[Stored dataset items]

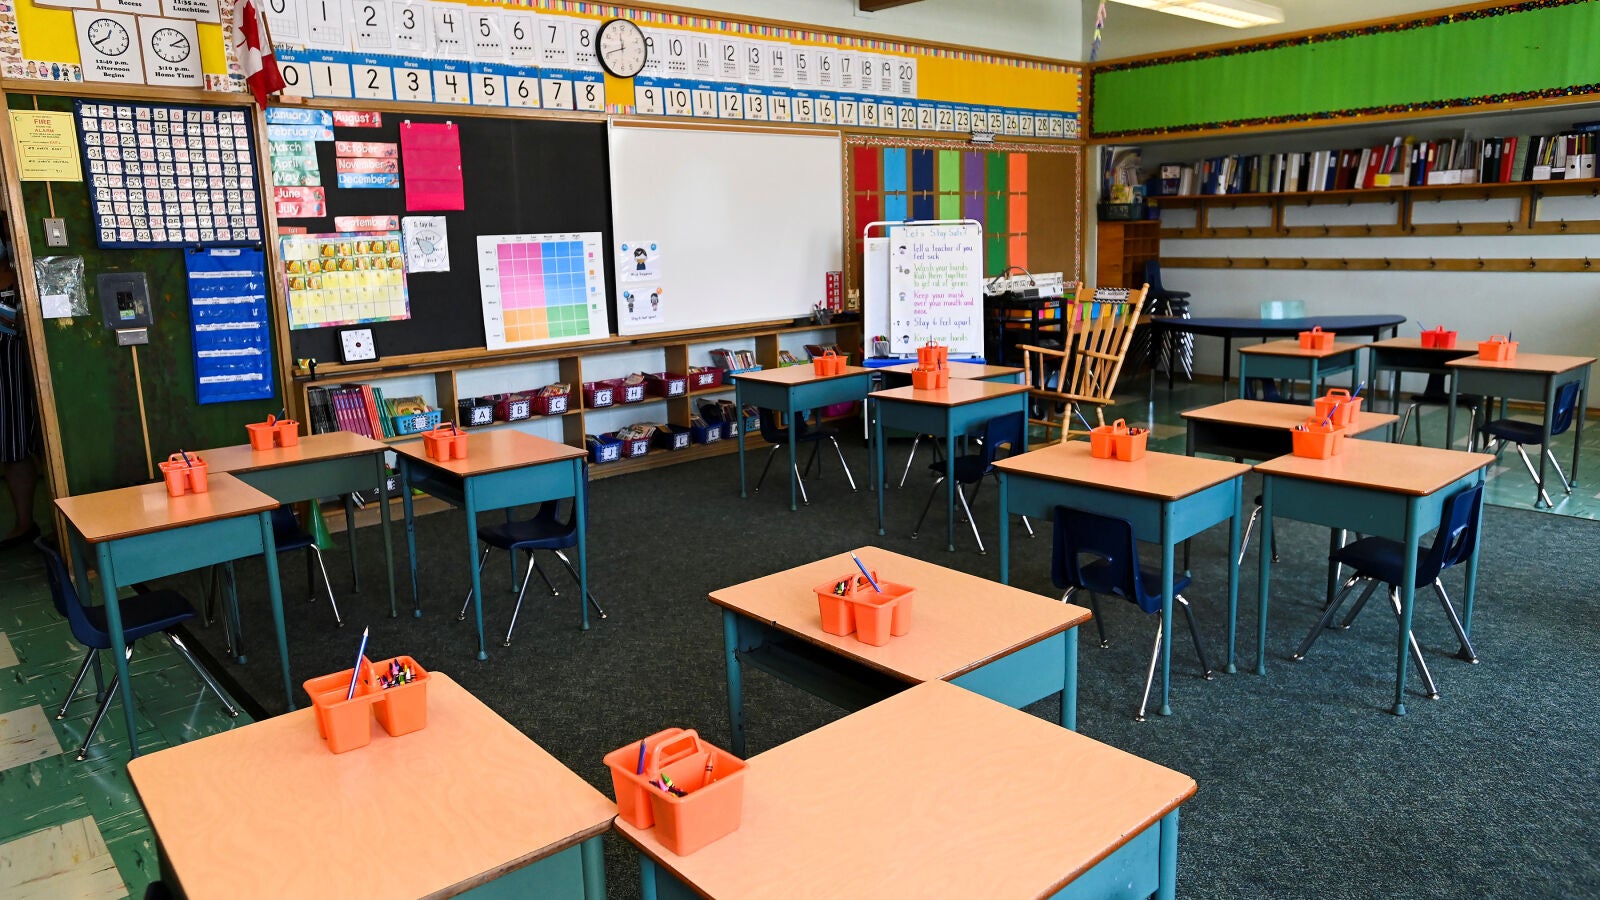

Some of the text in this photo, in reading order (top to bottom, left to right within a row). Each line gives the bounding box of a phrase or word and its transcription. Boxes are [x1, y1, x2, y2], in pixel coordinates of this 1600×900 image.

[172, 5, 210, 14] Lunchtime
[322, 1, 327, 21] 1
[363, 6, 377, 27] 2
[402, 9, 415, 29] 3
[443, 13, 454, 33] 4
[480, 18, 491, 37] 5
[513, 21, 525, 40] 6
[547, 25, 557, 44] 7
[580, 29, 590, 47] 8
[646, 37, 913, 80] 9 10 11 12 13 14 15 16 17 18 19 20
[283, 65, 595, 102] 0 1 2 3 4 5 6 7 8
[103, 107, 109, 115] 2
[158, 111, 163, 119] 5
[174, 112, 179, 120] 6
[205, 113, 211, 121] 8
[268, 108, 311, 121] January
[645, 89, 654, 106] 9
[670, 90, 686, 107] 10
[699, 92, 712, 109] 11
[724, 94, 738, 111] 12
[749, 96, 762, 112] 13
[773, 98, 786, 114] 14
[797, 100, 810, 115] 15
[820, 102, 831, 117] 16
[841, 103, 853, 118] 17
[863, 105, 874, 119] 18
[883, 107, 893, 120] 19
[901, 108, 915, 122] 20
[922, 109, 932, 124] 21
[940, 110, 952, 125] 22
[957, 112, 969, 126] 23
[973, 113, 985, 127] 24
[990, 114, 1001, 128] 25
[1006, 116, 1017, 129] 26
[1022, 117, 1032, 130] 27
[1038, 118, 1048, 131] 28
[1052, 119, 1062, 132] 29
[1065, 121, 1076, 133] 30
[335, 112, 370, 125] August
[157, 124, 167, 132] 15
[268, 126, 318, 138] February
[105, 136, 117, 145] 22
[269, 142, 302, 152] March
[337, 143, 379, 153] October
[89, 149, 100, 157] 31
[274, 158, 299, 171] April
[339, 160, 385, 170] November
[274, 171, 300, 183] May
[339, 174, 387, 185] December
[161, 178, 172, 187] 55
[278, 189, 301, 199] June
[100, 204, 111, 212] 71
[278, 202, 299, 215] July
[337, 218, 386, 229] Septemb
[103, 231, 114, 240] 91
[905, 227, 925, 238] Let's
[930, 228, 947, 239] Stay
[913, 243, 923, 252] Tell
[932, 243, 953, 252] teacher
[956, 243, 961, 252] if
[913, 263, 934, 272] Wash
[935, 265, 948, 273] your
[928, 271, 943, 279] them
[945, 272, 968, 280] together
[942, 279, 948, 287] of
[913, 290, 964, 301] Keep your mask
[929, 301, 941, 309] your
[943, 299, 961, 307] mouth
[963, 297, 974, 306] and
[914, 317, 930, 329] Stay
[940, 316, 951, 326] feet
[953, 315, 971, 328] apart
[600, 394, 607, 402] G
[555, 400, 561, 409] C
[517, 406, 523, 414] B
[479, 411, 486, 420] A
[608, 448, 613, 457] J
[637, 443, 643, 452] K

**Required work**
Take every line above where "Stay" appears and copy it.

**Solved exercise**
[930, 228, 947, 239] Stay
[914, 317, 930, 329] Stay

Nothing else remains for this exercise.